Your expanding uterus shifts your center of gravity and stretches out and weakens your abdominal muscles, changing your posture, and putting a strain on your back. It may also cause back pain if it's pressing on a nerve. In addition, the extra weight you're carrying means more work for your muscles and increased stress on your joints, which is why your back may feel worse at the end of the day.

What's more, hormonal changes in pregnancy loosen your joints and the ligaments that attach your pelvic bones to your spine. This can make you feel less stable and cause pain when you walk, stand, sit for long periods, roll over in bed, get out of a low chair or the tub, bend, or lift things.
You're not alone. As many as three-quarters of pregnant women experience back pain at some point. Most often the pain appears in the later months or becomes worse as the pregnancy progresses. It may also persist after the baby arrives, but the postpartum back pain usually resolves in a few months.

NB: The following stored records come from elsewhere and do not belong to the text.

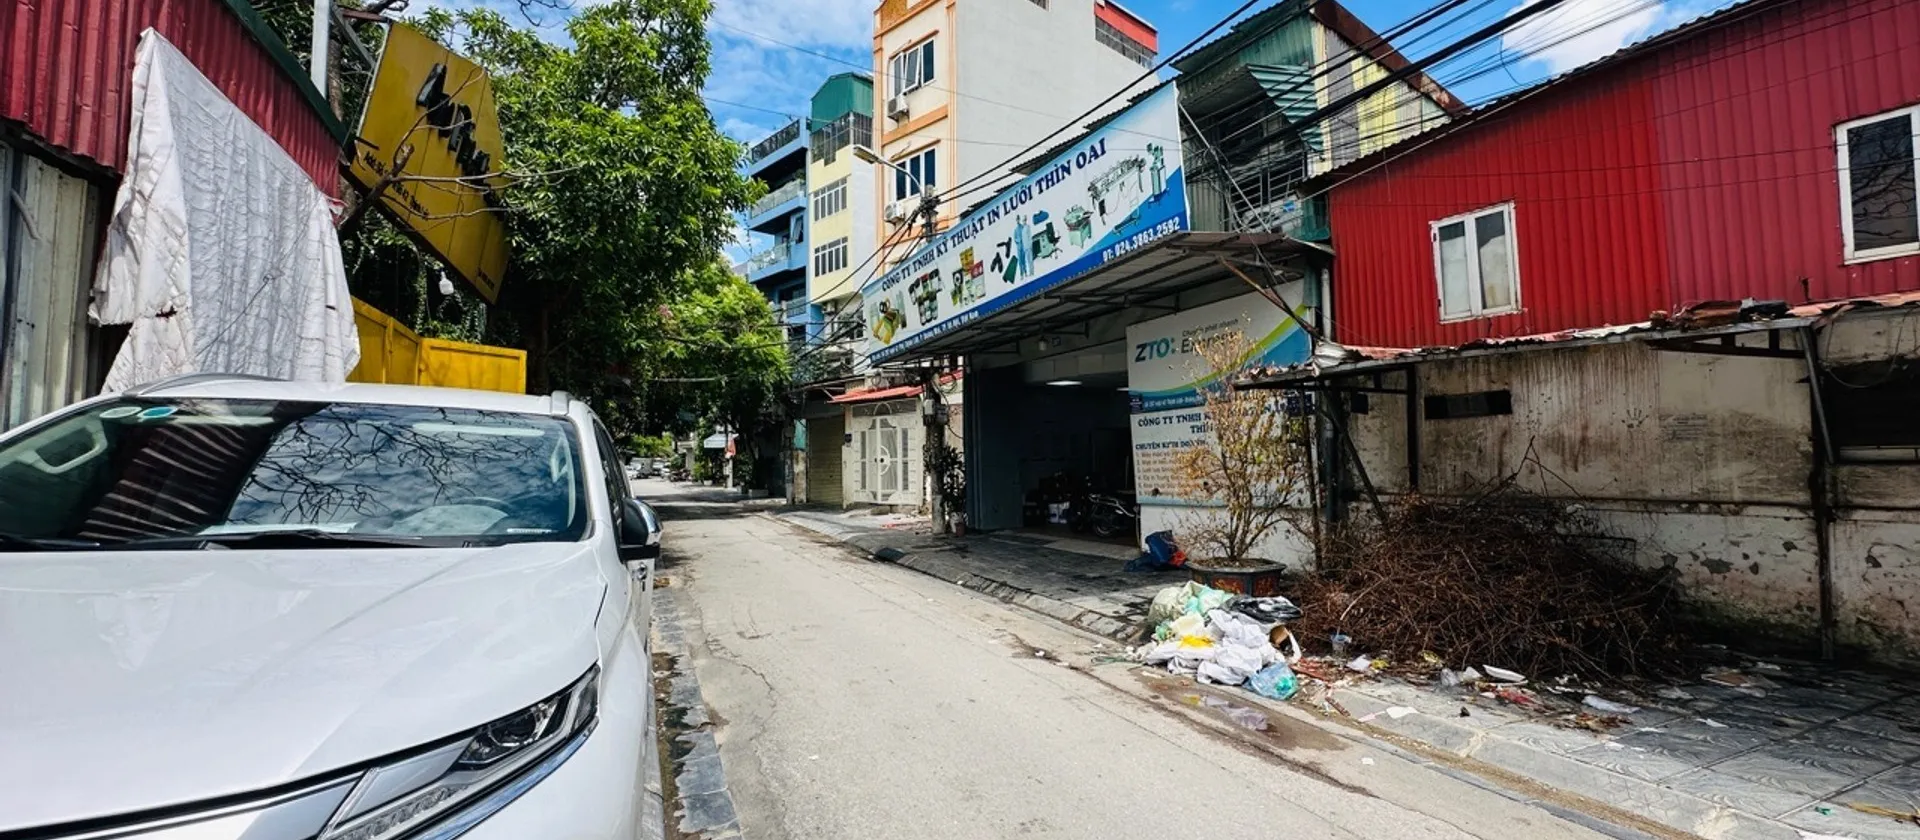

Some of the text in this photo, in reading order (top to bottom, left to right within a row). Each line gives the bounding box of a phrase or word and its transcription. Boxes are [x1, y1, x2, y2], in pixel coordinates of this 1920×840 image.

[901, 264, 911, 280] TY
[912, 248, 936, 272] TNHH
[950, 215, 985, 248] THUẬT
[986, 205, 1001, 227] IN
[1034, 159, 1072, 195] THÌN
[1075, 137, 1107, 170] OAI
[1137, 416, 1160, 427] CÔNG
[1161, 415, 1174, 424] TY
[1175, 412, 1201, 423] TNHH

The good news is that there's no link between back pain and pregnancy outcomes.

Bottom Line

Back pain is very common. It often occurs earlier in pregnancy than people would expect, is the result of a complex set of changes in a pregnant woman's physiology, and typically improves with some simple treatment steps. Women who develop this type of back pain should find strategies that work for them to relieve the symptoms since the problem may not go away completely during pregnancy and may take months or longer after delivery to fully resolve.